### WHAT TO PRODUCE
Only a number is wanted: how many lines in the records below contain "Wash"?

[Saved entries]
◆ ◆ ◆ ◆ ◆

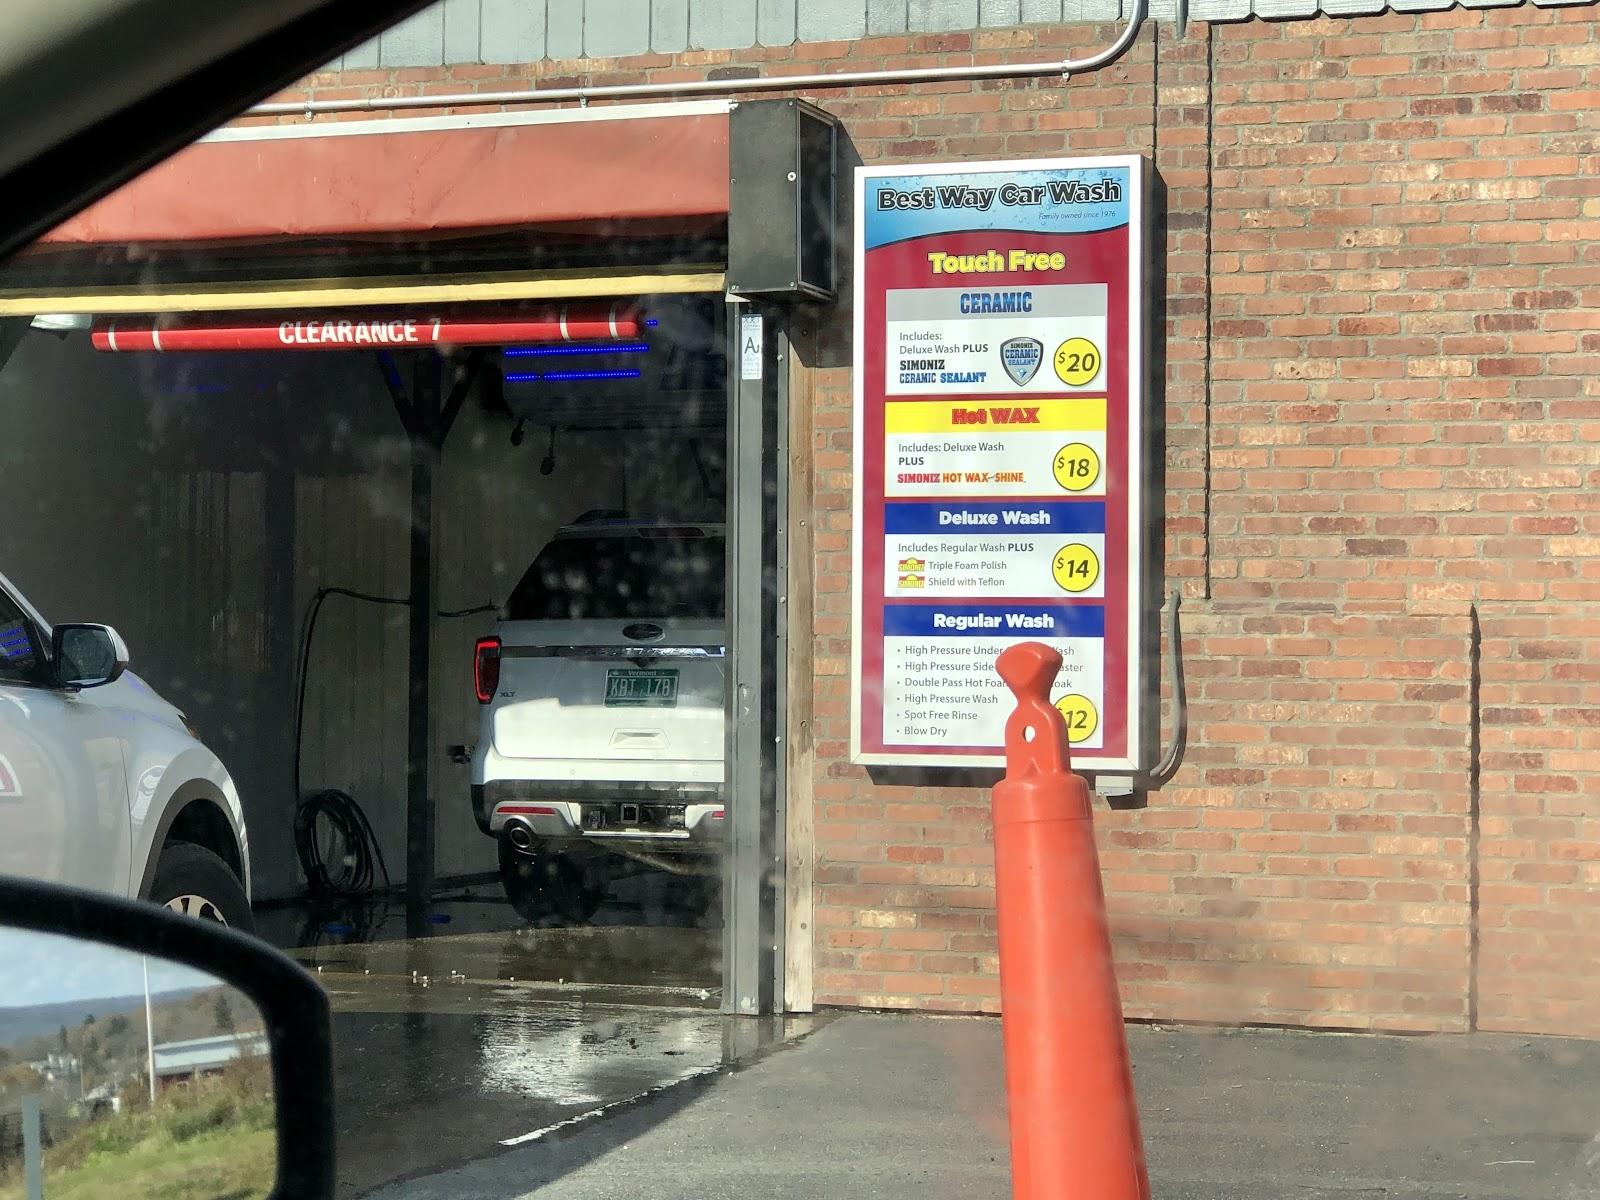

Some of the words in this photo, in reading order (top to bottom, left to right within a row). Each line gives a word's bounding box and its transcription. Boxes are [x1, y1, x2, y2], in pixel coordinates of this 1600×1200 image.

[877, 188, 935, 211] Best
[937, 185, 996, 211] Way
[999, 182, 1046, 206] Car
[1047, 179, 1121, 204] Wash
[928, 250, 1004, 274] Touch
[1009, 249, 1066, 271] Free
[960, 291, 1033, 314] CERAMIC
[279, 319, 418, 344] CLEARANCE
[899, 331, 942, 341] Includes:
[899, 345, 932, 354] Deluxe
[934, 345, 960, 354] Wash
[962, 343, 989, 353] PLUS
[1005, 349, 1039, 359] CERAMIC
[899, 359, 945, 371] SIMONIZ
[1058, 351, 1095, 372] $20
[899, 373, 937, 383] CERAMIC
[940, 372, 987, 383] SEALANT
[951, 408, 987, 425] Hot
[989, 407, 1040, 424] WAX
[898, 443, 941, 453] Includes:
[943, 443, 977, 452] Deluxe
[978, 442, 1004, 451] Wash
[898, 457, 924, 466] PLUS
[1057, 456, 1090, 477] $18
[897, 473, 940, 483] SIMONIZ
[942, 473, 962, 483] HOT
[939, 511, 998, 525] Deluxe
[1001, 510, 1051, 525] Wash
[898, 543, 938, 552] Includes
[940, 543, 978, 554] Regular
[979, 543, 1005, 552] Wash
[1008, 543, 1034, 552] PLUS
[928, 561, 952, 571] Triple
[955, 562, 979, 570] Foam
[980, 561, 1007, 570] Polish
[1056, 556, 1089, 578] $14
[928, 577, 958, 586] Shield
[960, 577, 981, 586] with
[983, 578, 1005, 586] Teflon
[934, 613, 1001, 630] Regular
[1005, 613, 1055, 628] Wash
[905, 645, 928, 656] High
[931, 645, 971, 655] Pressure
[973, 645, 1003, 655] Under
[905, 661, 928, 672] High
[931, 662, 970, 671] Pressure
[610, 679, 636, 697] KBT
[645, 679, 670, 697] 178
[905, 677, 939, 687] Double
[942, 678, 962, 687] Pass
[965, 678, 983, 687] Hot
[1054, 679, 1072, 688] oak
[905, 693, 927, 704] High
[930, 694, 970, 704] Pressure
[972, 694, 998, 704] Wash
[904, 710, 927, 720] Spot
[929, 710, 950, 719] Free
[952, 711, 978, 720] Rinse
[904, 726, 928, 735] Blow
[930, 727, 948, 737] Dry

◆ ◆ ◆ ◆ ◆

### WORKED SOLUTION
7